* [Task instructions]
Keep the pictures out, please, and set down every record exactly.

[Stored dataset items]
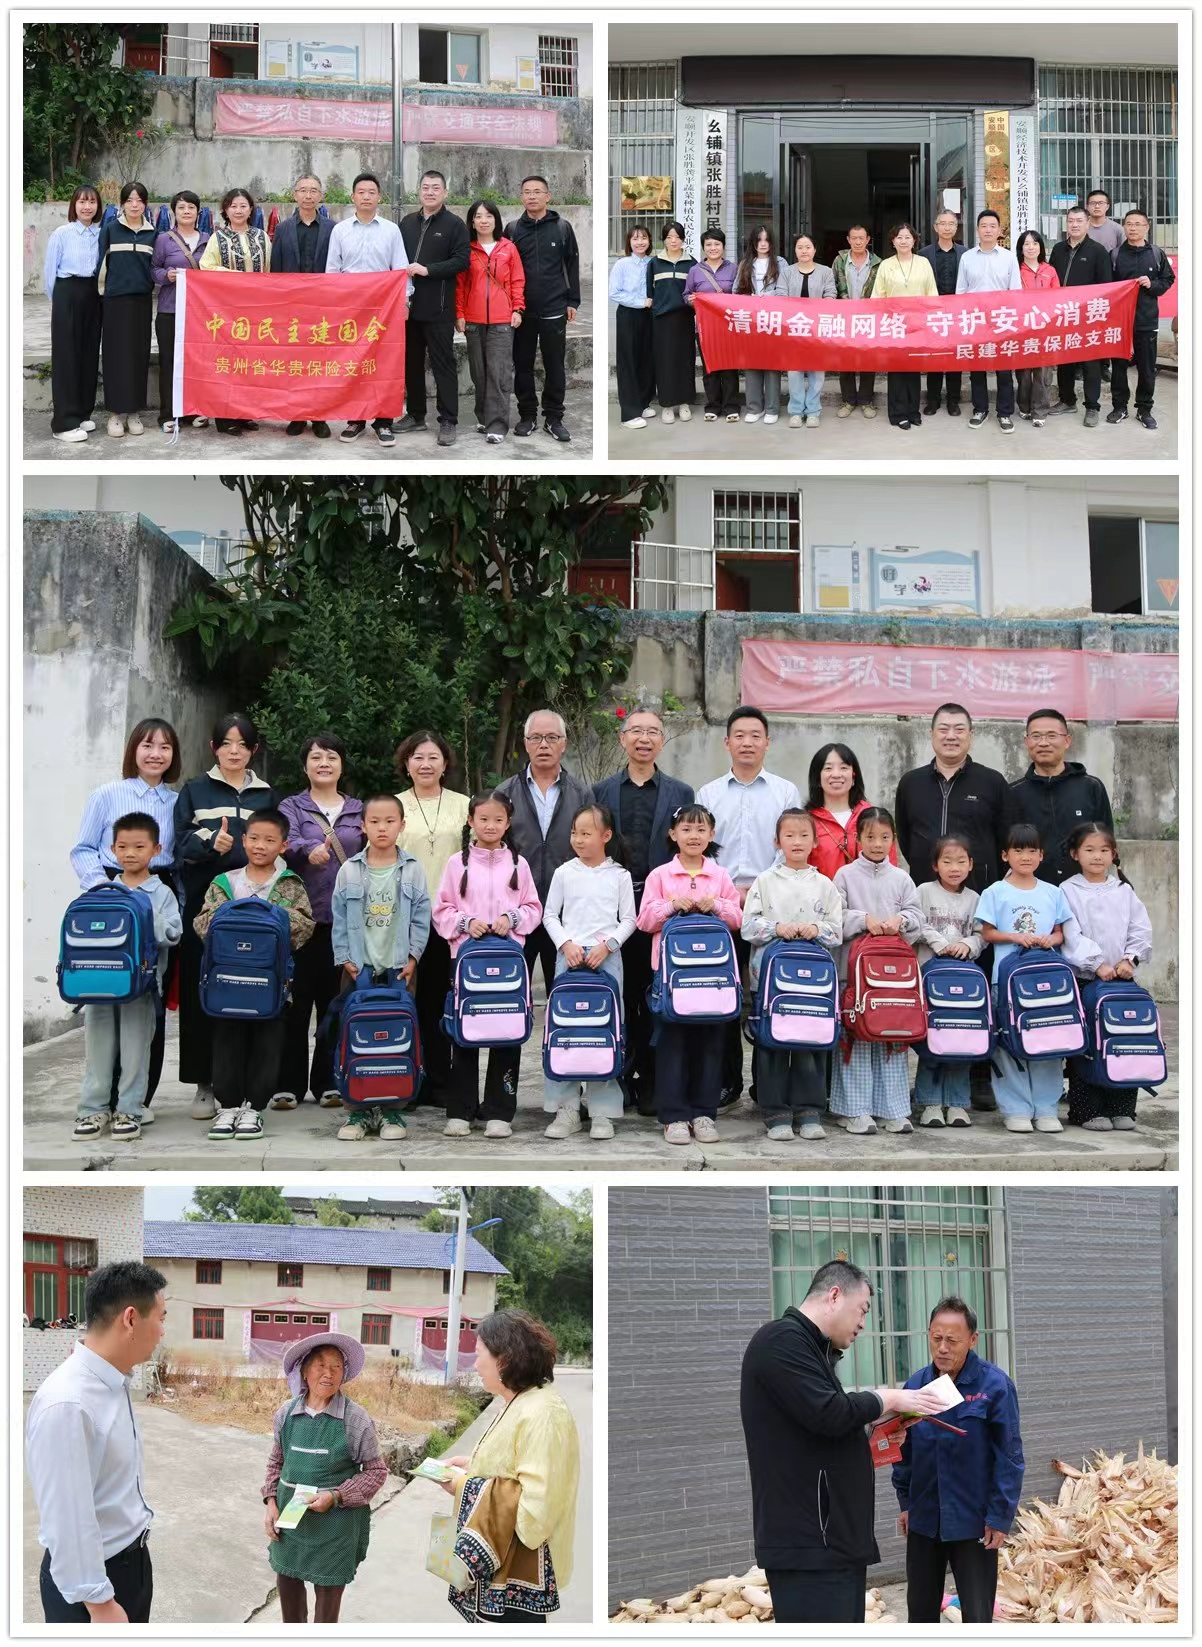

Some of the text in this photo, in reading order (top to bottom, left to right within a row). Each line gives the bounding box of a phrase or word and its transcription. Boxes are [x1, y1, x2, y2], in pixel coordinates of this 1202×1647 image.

[205, 312, 387, 345] 中国民主建国会
[724, 296, 1112, 340] 清朗金融网络 守护安心消费
[215, 356, 377, 377] 贵州省华贵保险支部
[776, 655, 1057, 693] 严禁私自下水游泳
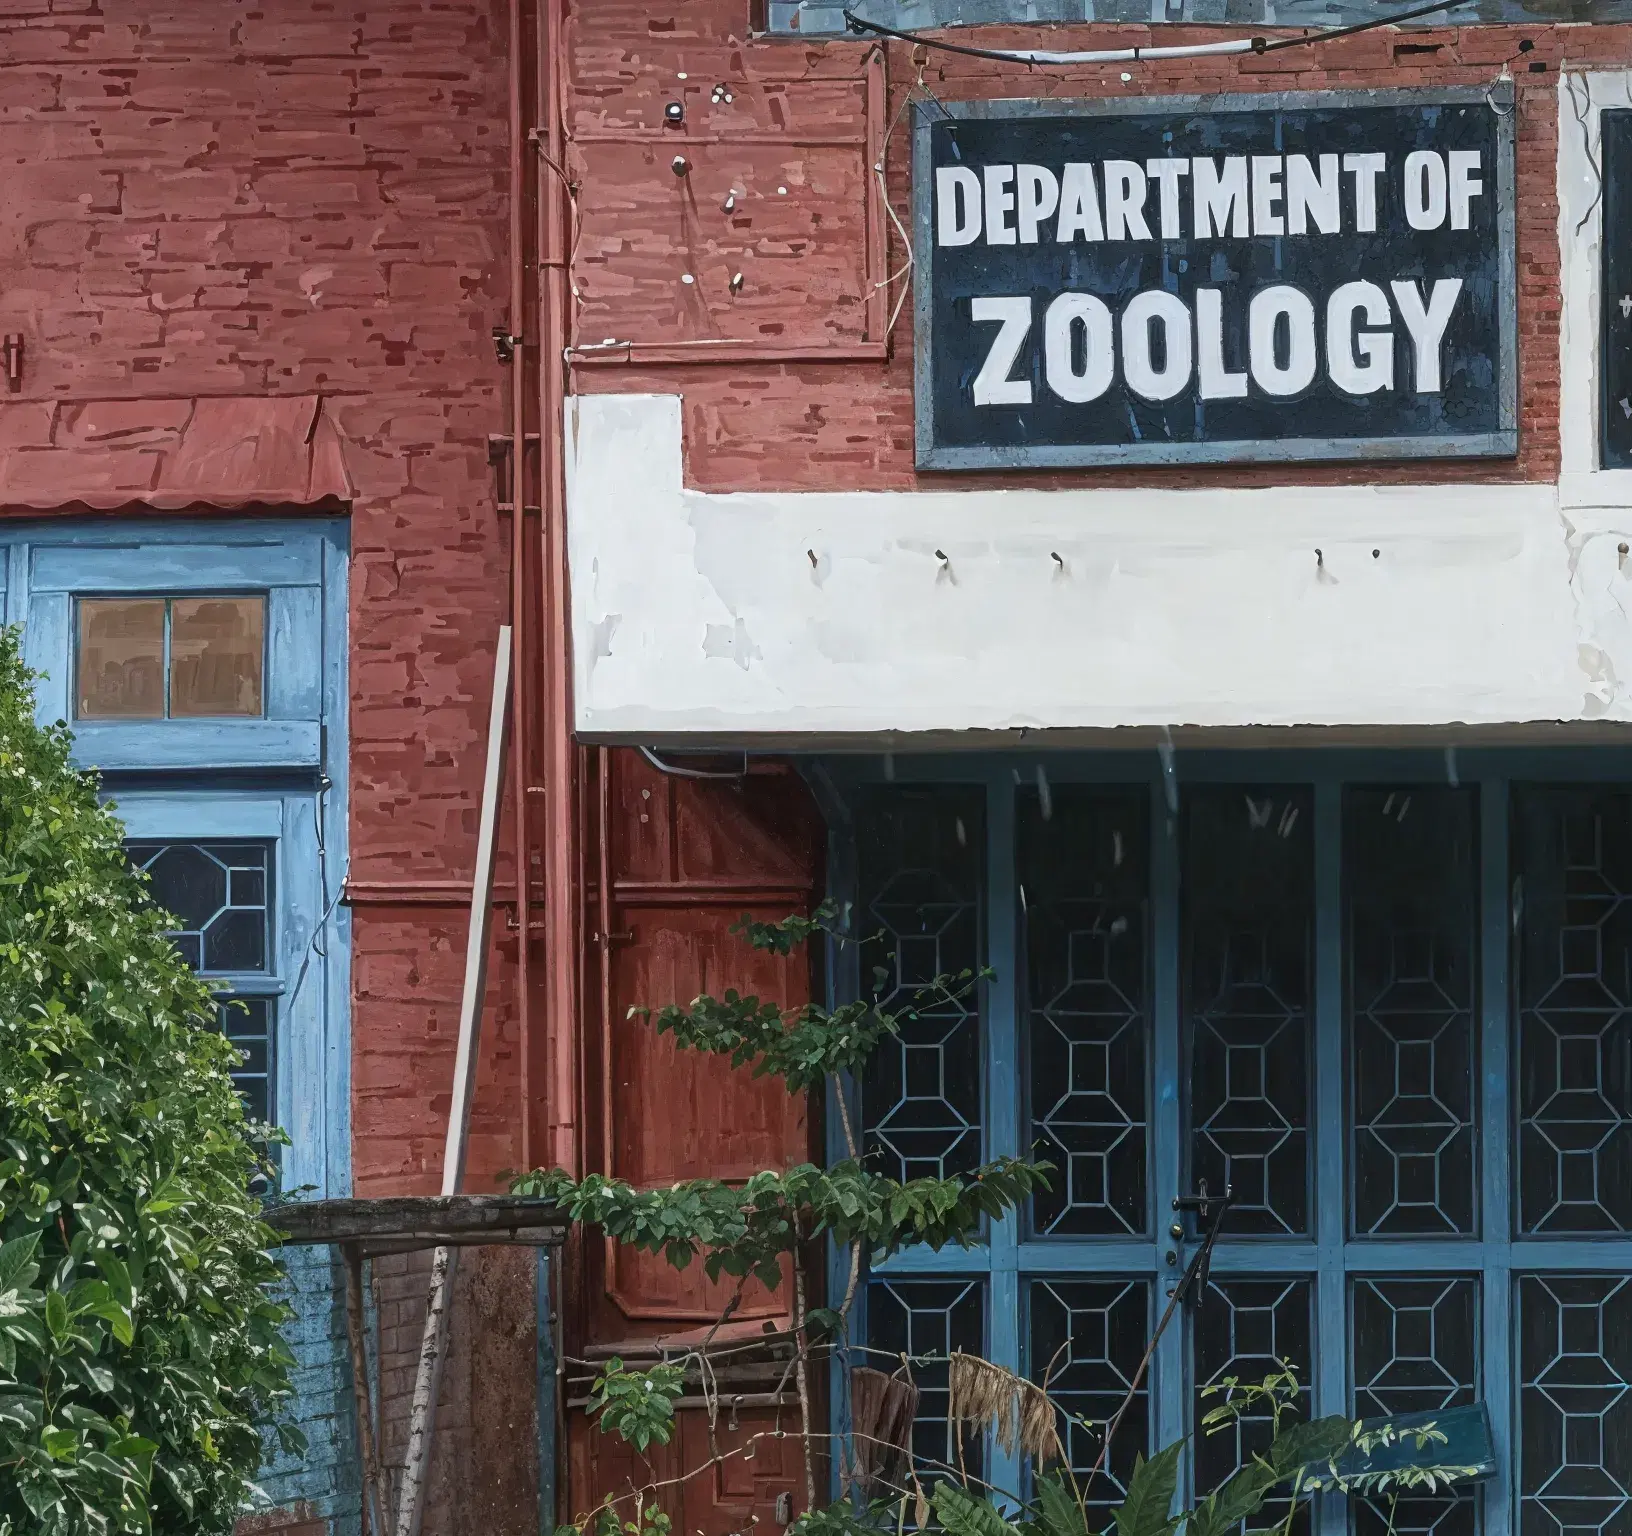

* [Result of this exercise]
Some of the text in this photo, in reading order (top to bottom, left to right within a row). Each line gives the bounding box of a phrase or word and its transcription. Boxes are [x1, y1, x2, y2], in pixel coordinates of this 1202×1647 image.

[205, 312, 387, 345] 中国民主建国会
[724, 296, 1112, 340] 清朗金融网络 守护安心消费
[215, 356, 377, 377] 贵州省华贵保险支部
[776, 655, 1057, 693] 严禁私自下水游泳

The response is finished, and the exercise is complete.